Moxon Architects has breathed new life into Coldrach, a formerly derelict farmhouse in the Cairngorms National Park in the Scottish Highlands.
Situated at Crathie in the Lochnagar National Scenic Area, Coldrach is an 18th century farmhouse that has been sensitively restored as a private home with an extension that draws on the ad-hoc tin shed typology of farm buildings. Moxon strove to evoke the charm and simplicity of the ‘But and ben’ cottages typical of the Highlands whilst creating a flexible family home.
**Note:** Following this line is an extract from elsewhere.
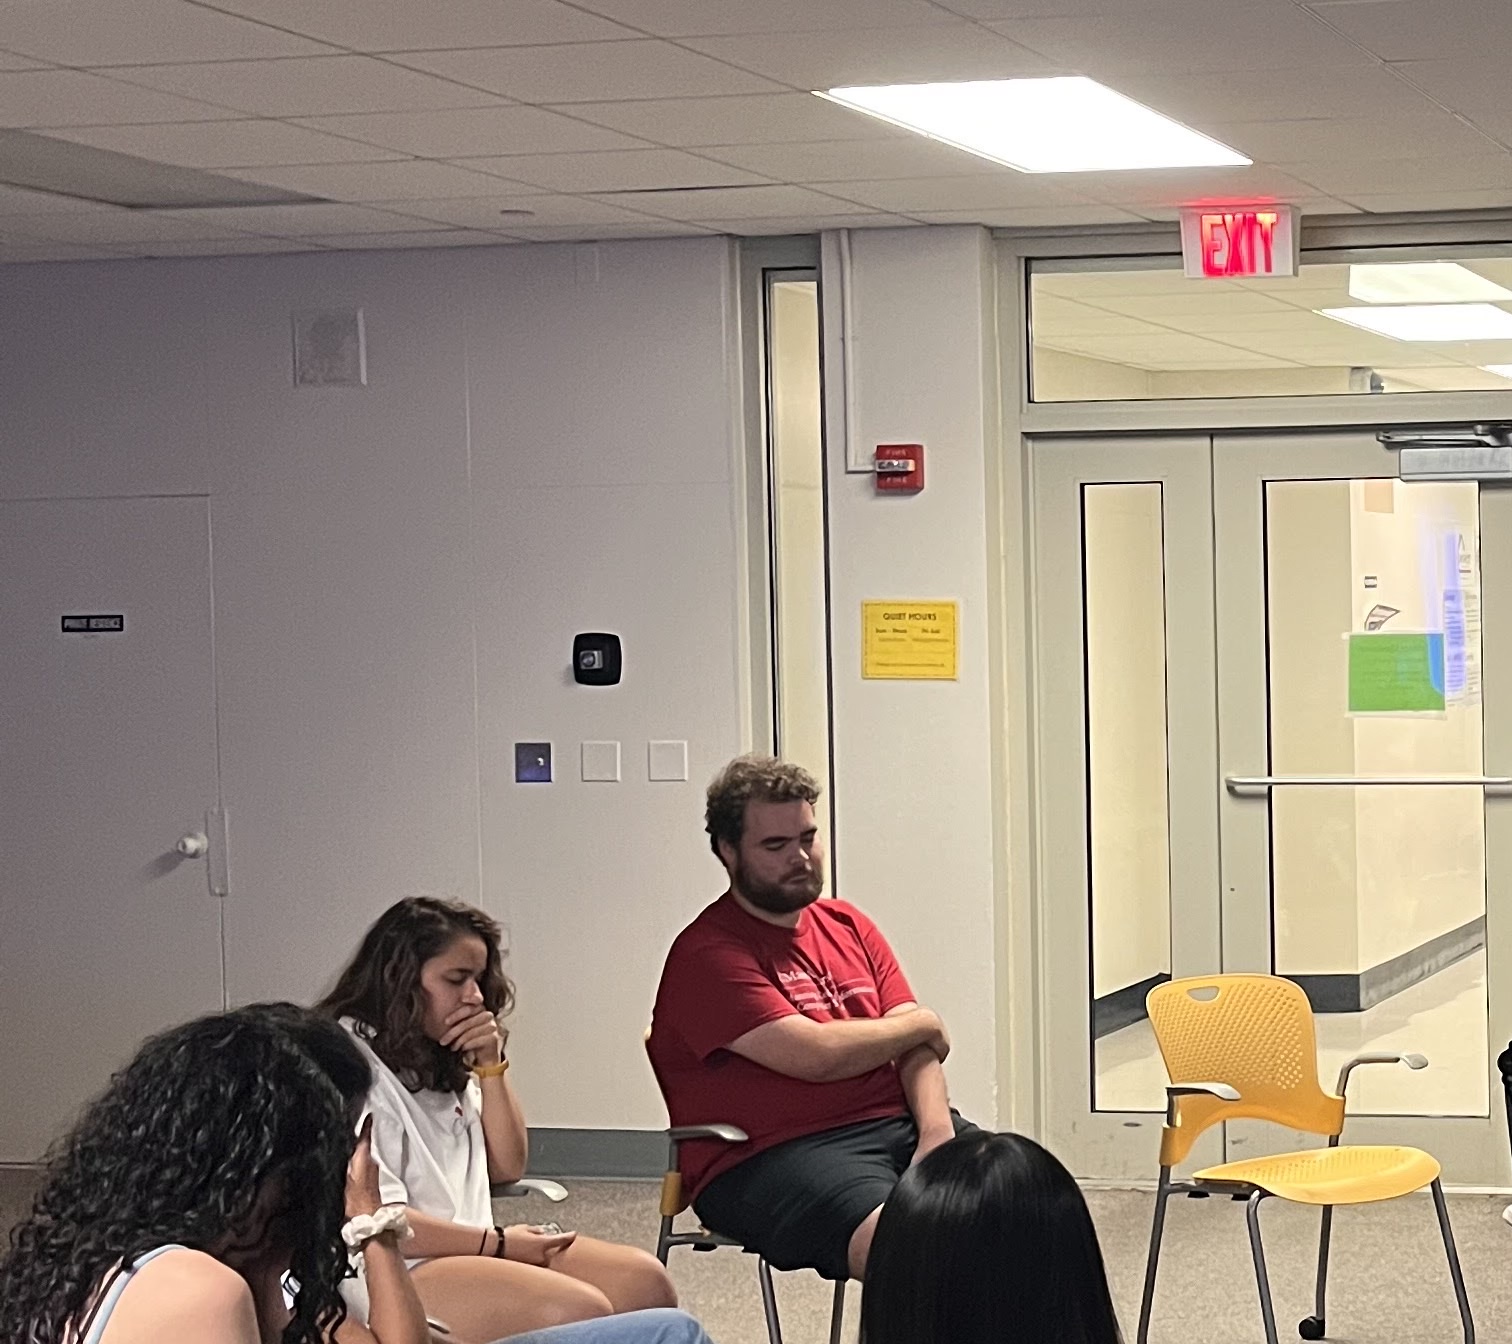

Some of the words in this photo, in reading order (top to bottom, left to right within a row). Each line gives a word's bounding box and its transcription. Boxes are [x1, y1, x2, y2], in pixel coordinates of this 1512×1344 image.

[1201, 211, 1278, 277] EXIT
[882, 612, 907, 621] QUIET
[908, 612, 938, 621] HOURS
As part of the regeneration, the granite farmhouse has been restored using traditional craft techniques. A low-impact extension is positioned to the rear of the existing building, minimising impact on the topography of the site. The addition creates a ‘U’ form plan similar to that of vernacular steadings in the area. This gives a sheltered external space between the original farmhouse and the extension which acts as a micro-climate in the otherwise exposed site.
The extension is nestled slightly below ground level, giving it a natural relationship with the surrounding landscape. Replicating the volume of the existing farmhouse, the 120 m² addition is connected to the original by a low-slung link volume with a fully planted meadow roof.
The new is connected to the old by a frameless band of glass, with the remainder of the addition clad in untreated European larch and finished in red-oxide corrugated metal sheets. The sinusoidal profile of the sheeting is used in horizontal and vertical directions to distinguish between fixed and moving panels – 50 percent of the courtyard wall area can be opened up. The result aims to not only reflect the austerity of the existing granite architecture but also continue the use of vernacular materials – honest and elementary.
The extension’s larger windows help take in views of the surrounding summit of the mountain of Lochnagar and its sliding doors allow the home to open onto the courtyard.